EXTRACTED DATA
++++++++++
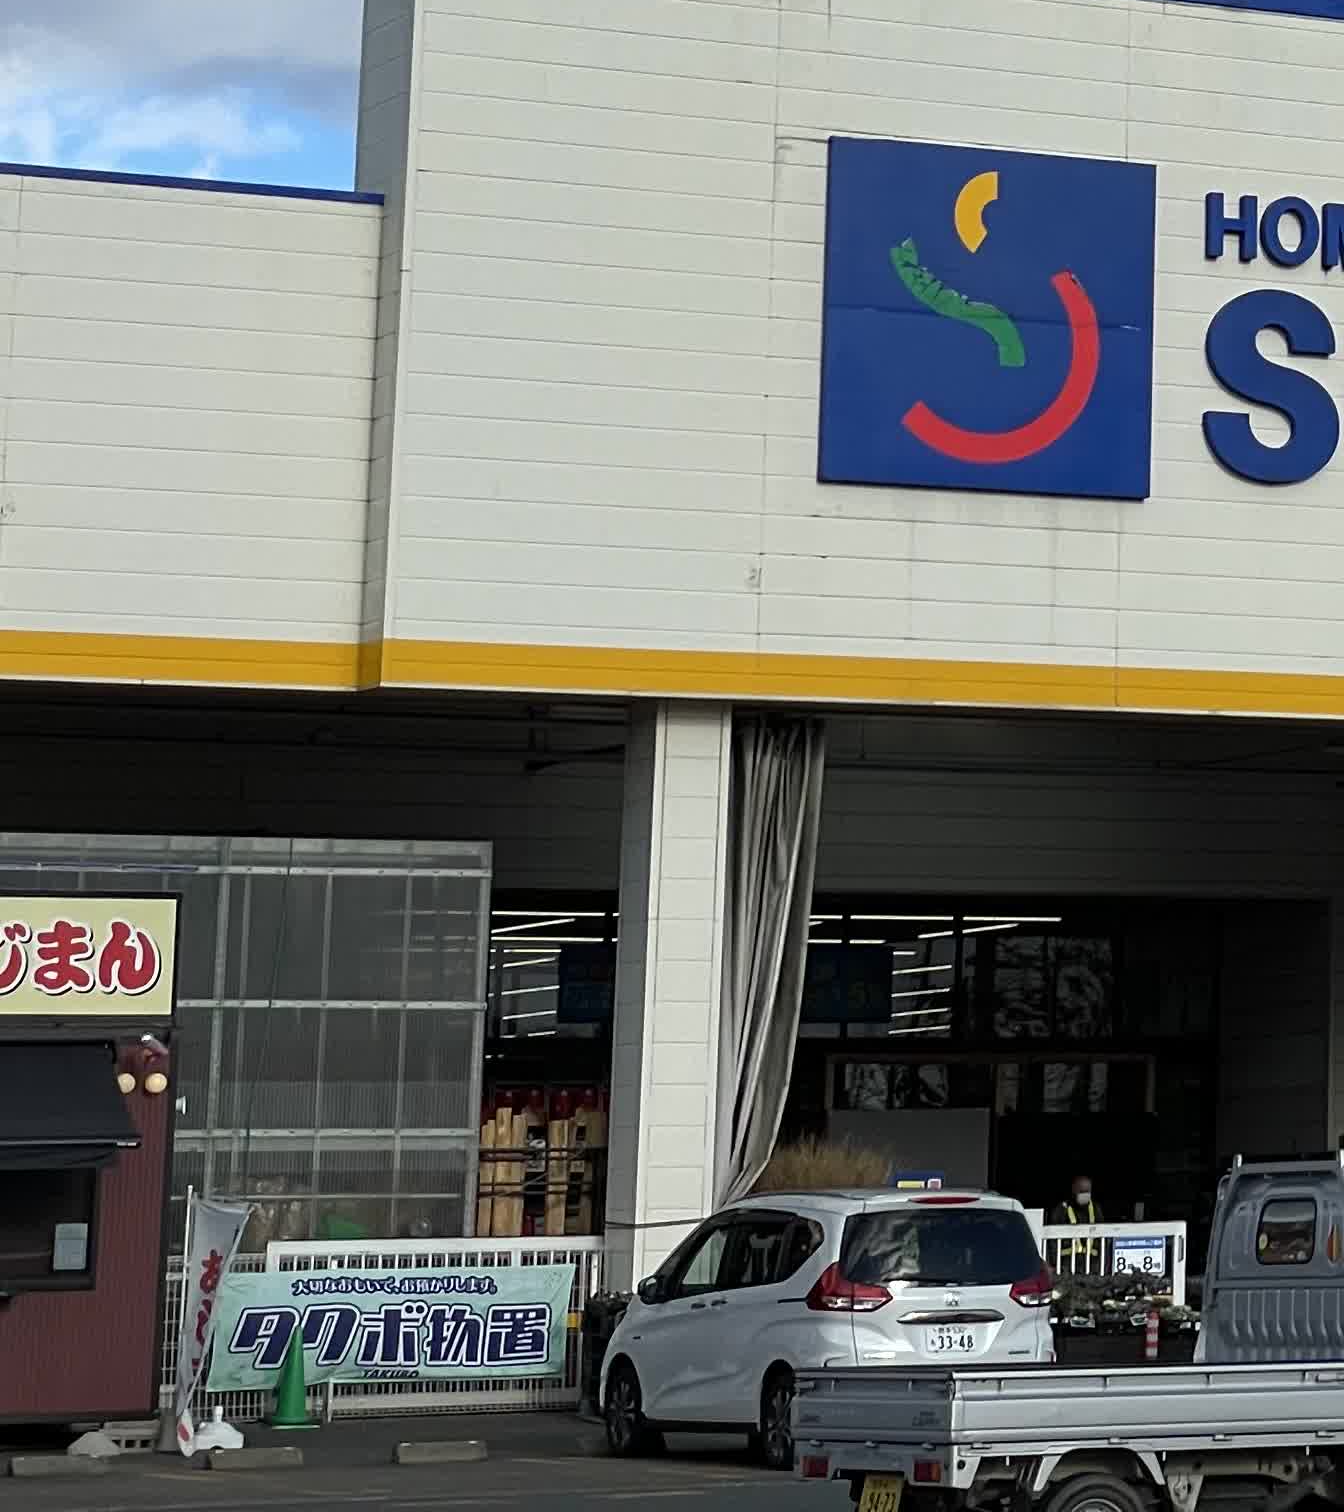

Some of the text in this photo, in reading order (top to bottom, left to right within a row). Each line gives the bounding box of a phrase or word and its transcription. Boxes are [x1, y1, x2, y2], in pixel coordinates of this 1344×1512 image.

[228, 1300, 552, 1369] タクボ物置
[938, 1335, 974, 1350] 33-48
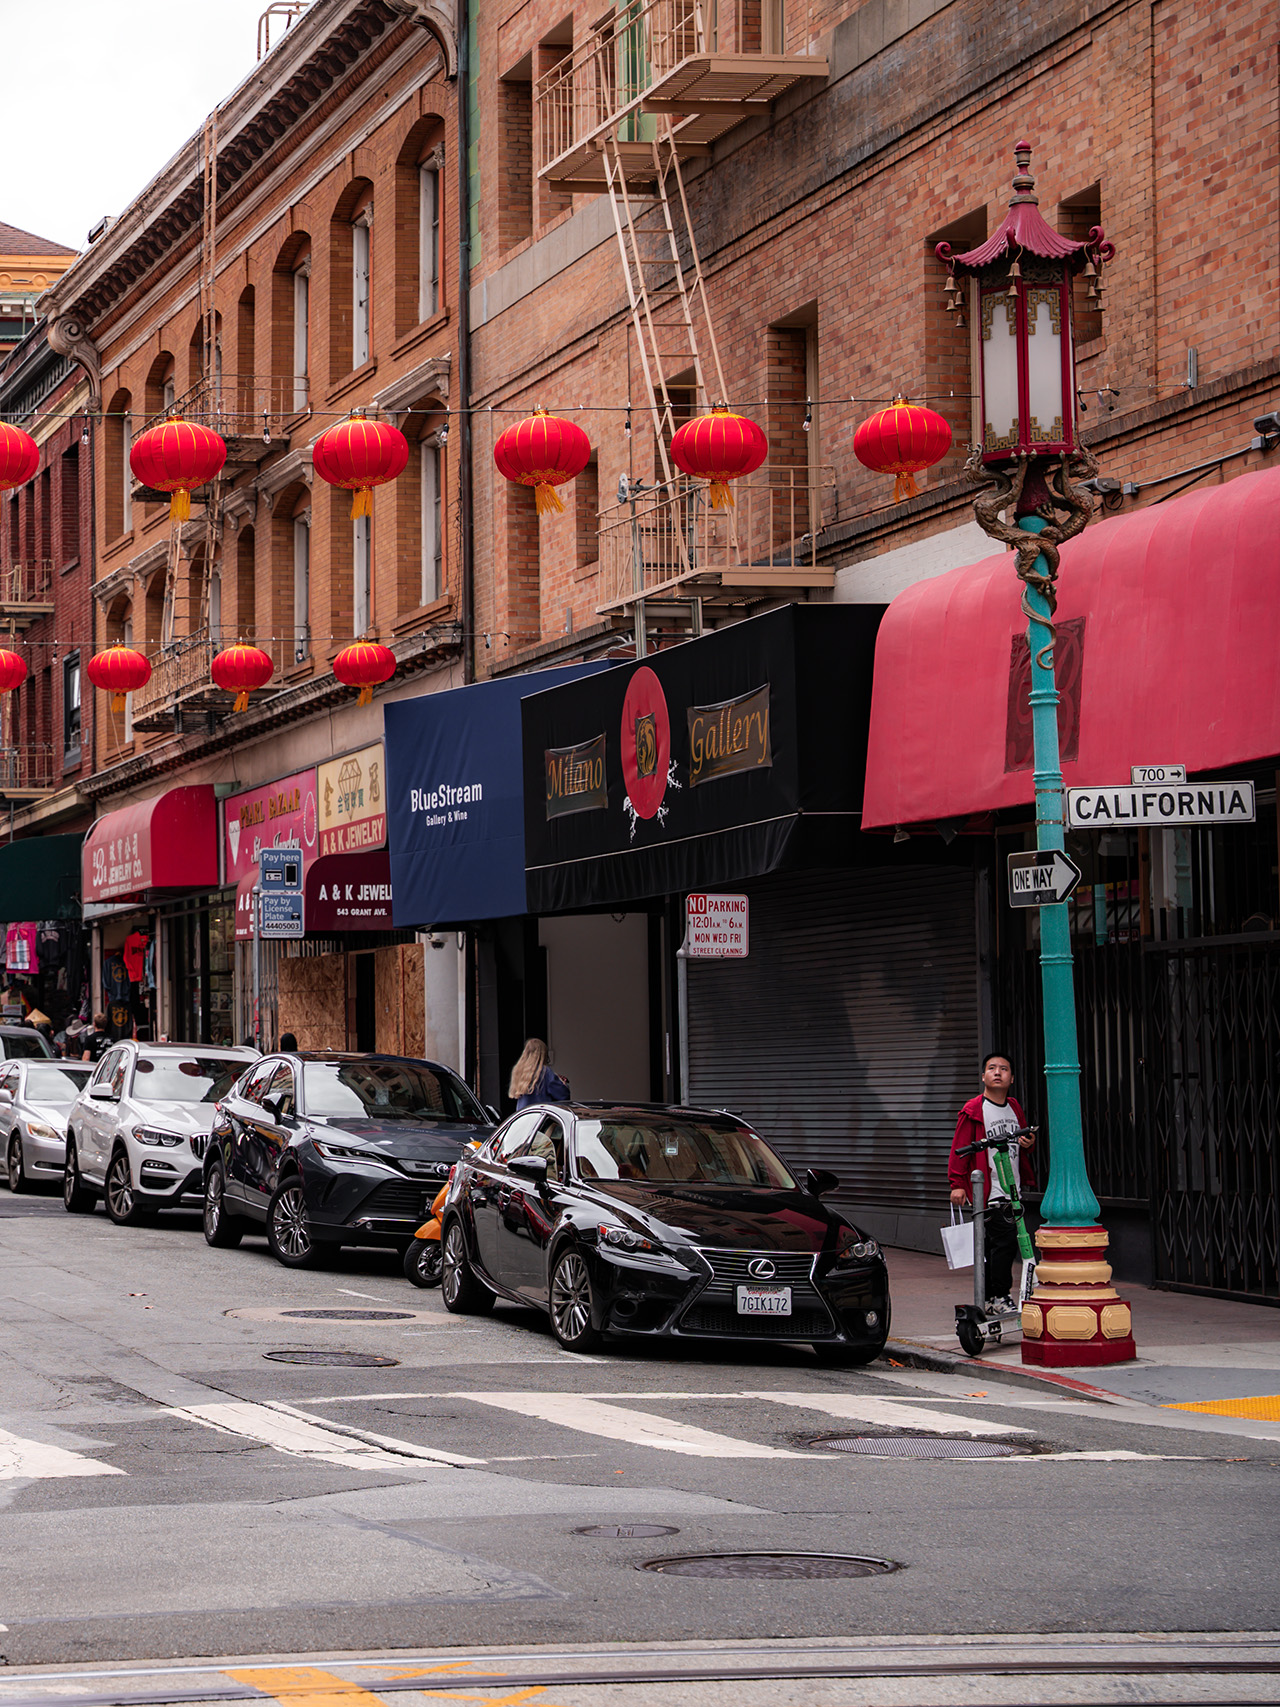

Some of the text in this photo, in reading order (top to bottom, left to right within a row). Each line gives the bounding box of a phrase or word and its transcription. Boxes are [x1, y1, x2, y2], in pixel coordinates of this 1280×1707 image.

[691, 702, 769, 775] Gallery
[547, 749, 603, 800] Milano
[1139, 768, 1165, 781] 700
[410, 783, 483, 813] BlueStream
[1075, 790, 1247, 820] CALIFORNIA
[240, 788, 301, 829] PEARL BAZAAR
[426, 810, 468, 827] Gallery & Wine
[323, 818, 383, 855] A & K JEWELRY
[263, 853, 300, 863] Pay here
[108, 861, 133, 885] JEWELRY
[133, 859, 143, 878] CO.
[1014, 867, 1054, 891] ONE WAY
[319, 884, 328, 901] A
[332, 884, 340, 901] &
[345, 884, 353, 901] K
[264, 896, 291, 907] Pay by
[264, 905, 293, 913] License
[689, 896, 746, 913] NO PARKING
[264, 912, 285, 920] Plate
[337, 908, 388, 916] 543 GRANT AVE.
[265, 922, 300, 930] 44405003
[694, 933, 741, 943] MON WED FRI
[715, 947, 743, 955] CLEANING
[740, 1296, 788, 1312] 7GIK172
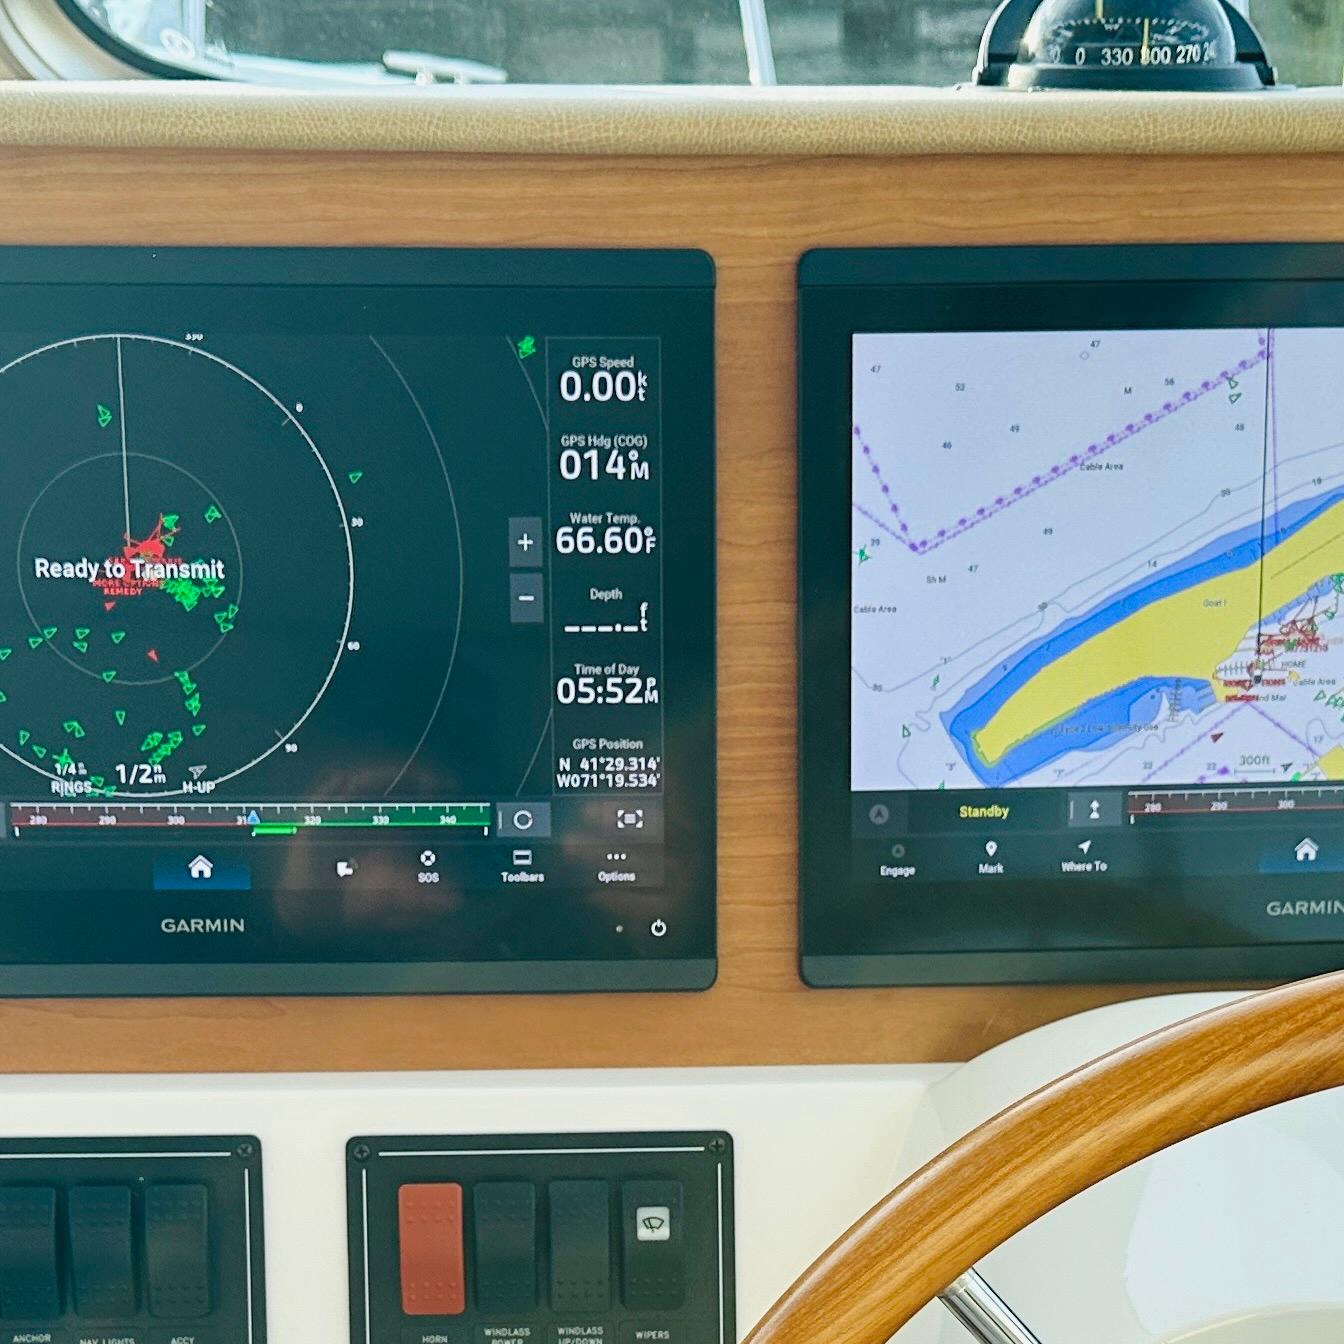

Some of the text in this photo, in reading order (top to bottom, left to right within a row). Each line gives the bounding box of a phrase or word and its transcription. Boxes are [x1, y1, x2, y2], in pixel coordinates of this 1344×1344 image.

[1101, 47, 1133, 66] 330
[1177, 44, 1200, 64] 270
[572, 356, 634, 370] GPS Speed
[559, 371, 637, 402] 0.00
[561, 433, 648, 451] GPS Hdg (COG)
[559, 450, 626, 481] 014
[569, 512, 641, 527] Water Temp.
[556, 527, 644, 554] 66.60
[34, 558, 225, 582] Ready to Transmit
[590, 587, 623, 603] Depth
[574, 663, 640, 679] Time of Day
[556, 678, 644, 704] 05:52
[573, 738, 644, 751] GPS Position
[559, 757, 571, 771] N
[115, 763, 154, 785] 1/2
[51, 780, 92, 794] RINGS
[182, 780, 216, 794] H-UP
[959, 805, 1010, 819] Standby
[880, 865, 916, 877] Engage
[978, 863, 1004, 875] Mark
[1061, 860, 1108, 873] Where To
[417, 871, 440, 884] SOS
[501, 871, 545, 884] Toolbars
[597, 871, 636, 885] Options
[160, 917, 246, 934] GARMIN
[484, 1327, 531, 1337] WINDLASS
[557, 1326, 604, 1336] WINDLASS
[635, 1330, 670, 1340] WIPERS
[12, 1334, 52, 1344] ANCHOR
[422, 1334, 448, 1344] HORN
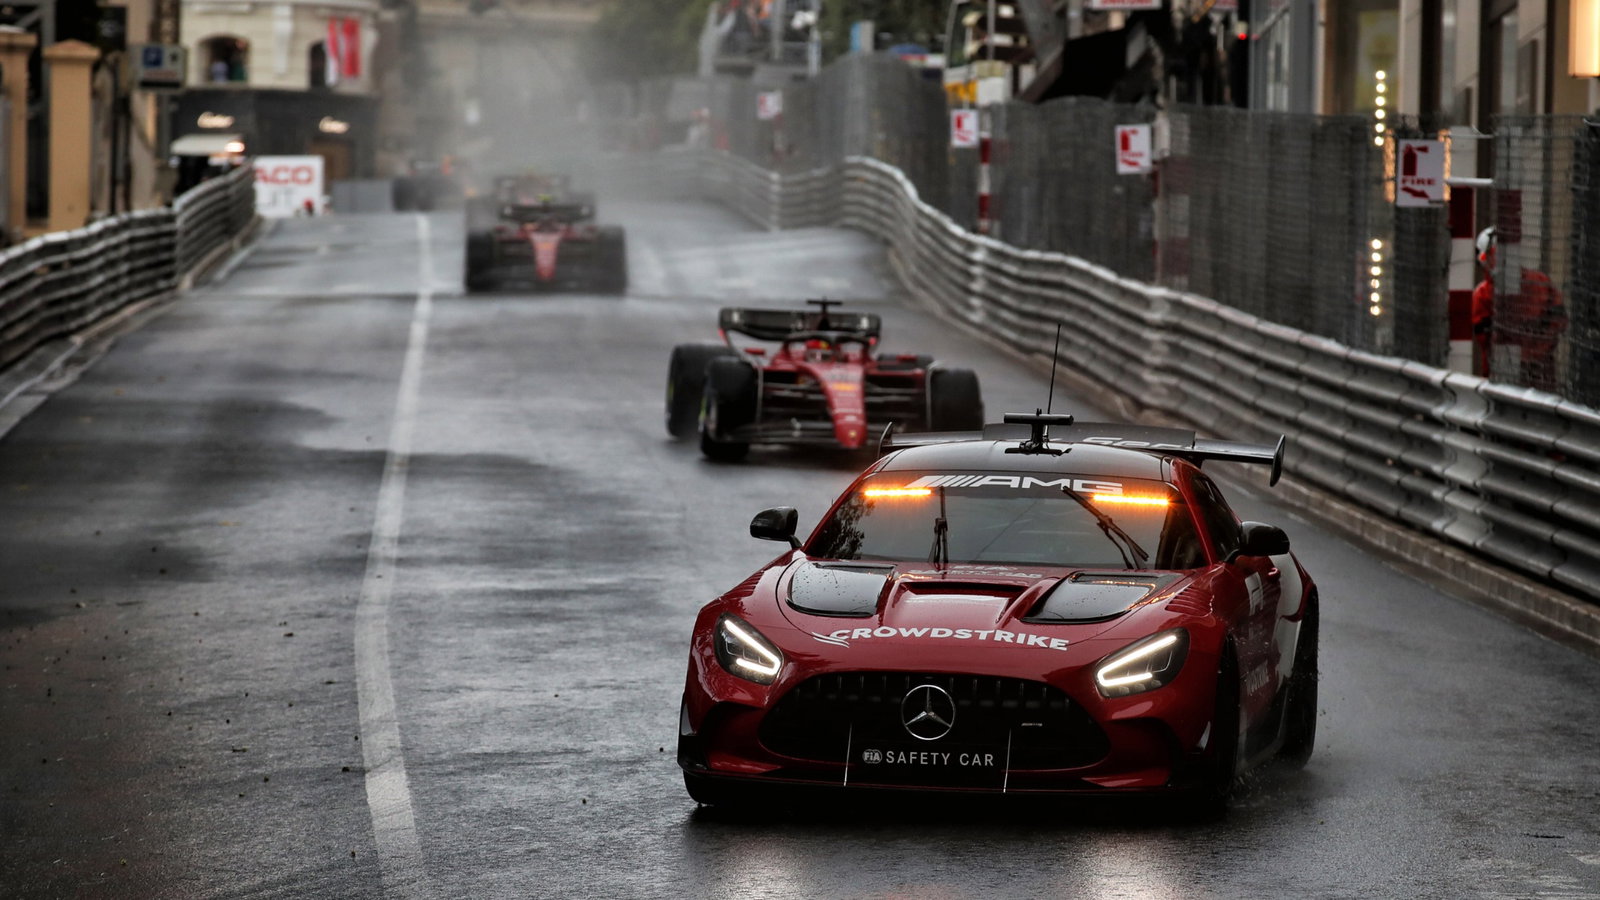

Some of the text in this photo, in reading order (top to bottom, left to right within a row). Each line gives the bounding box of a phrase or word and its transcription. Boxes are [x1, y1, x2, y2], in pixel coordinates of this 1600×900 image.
++++++++++
ACTION ITEM
The entries above need to be output again in full, exactly, and without pictures.

WRITTEN SOLUTION
Some of the text in this photo, in reading order (top to bottom, left to right within a row). Each line gives the bounding box of a phrase or word and its transcription. Boxes are [x1, y1, x2, y2], in pixel coordinates of this 1344×1512 image.

[228, 1300, 552, 1369] タクボ物置
[938, 1335, 974, 1350] 33-48

Some of the text in this photo, in reading order (top to bottom, left to right within a row). Each line gives the bounding box of a phrase or word and its transcription. Boxes are [x1, y1, x2, y2], in pixel coordinates of this 1280×1707 image.

[691, 702, 769, 775] Gallery
[547, 749, 603, 800] Milano
[1139, 768, 1165, 781] 700
[410, 783, 483, 813] BlueStream
[1075, 790, 1247, 820] CALIFORNIA
[240, 788, 301, 829] PEARL BAZAAR
[426, 810, 468, 827] Gallery & Wine
[323, 818, 383, 855] A & K JEWELRY
[263, 853, 300, 863] Pay here
[108, 861, 133, 885] JEWELRY
[133, 859, 143, 878] CO.
[1014, 867, 1054, 891] ONE WAY
[319, 884, 328, 901] A
[332, 884, 340, 901] &
[345, 884, 353, 901] K
[264, 896, 291, 907] Pay by
[264, 905, 293, 913] License
[689, 896, 746, 913] NO PARKING
[264, 912, 285, 920] Plate
[337, 908, 388, 916] 543 GRANT AVE.
[265, 922, 300, 930] 44405003
[694, 933, 741, 943] MON WED FRI
[715, 947, 743, 955] CLEANING
[740, 1296, 788, 1312] 7GIK172

Some of the text in this photo, in reading order (top to bottom, left to right within a row). Each line gives the bounding box of a phrase or word and its transcription. Boxes are [x1, y1, x2, y2], in pixel coordinates of this 1344×1344 image.

[1101, 47, 1133, 66] 330
[1177, 44, 1200, 64] 270
[572, 356, 634, 370] GPS Speed
[559, 371, 637, 402] 0.00
[561, 433, 648, 451] GPS Hdg (COG)
[559, 450, 626, 481] 014
[569, 512, 641, 527] Water Temp.
[556, 527, 644, 554] 66.60
[34, 558, 225, 582] Ready to Transmit
[590, 587, 623, 603] Depth
[574, 663, 640, 679] Time of Day
[556, 678, 644, 704] 05:52
[573, 738, 644, 751] GPS Position
[559, 757, 571, 771] N
[115, 763, 154, 785] 1/2
[51, 780, 92, 794] RINGS
[182, 780, 216, 794] H-UP
[959, 805, 1010, 819] Standby
[880, 865, 916, 877] Engage
[978, 863, 1004, 875] Mark
[1061, 860, 1108, 873] Where To
[417, 871, 440, 884] SOS
[501, 871, 545, 884] Toolbars
[597, 871, 636, 885] Options
[160, 917, 246, 934] GARMIN
[484, 1327, 531, 1337] WINDLASS
[557, 1326, 604, 1336] WINDLASS
[635, 1330, 670, 1340] WIPERS
[12, 1334, 52, 1344] ANCHOR
[422, 1334, 448, 1344] HORN

Some of the text in this photo, in reading order (top to bottom, left to right within a row). Each line gives the bounding box of a phrase or word and its transcription. Boxes are [x1, y1, x2, y2], in pixel coordinates of this 1600×900 image.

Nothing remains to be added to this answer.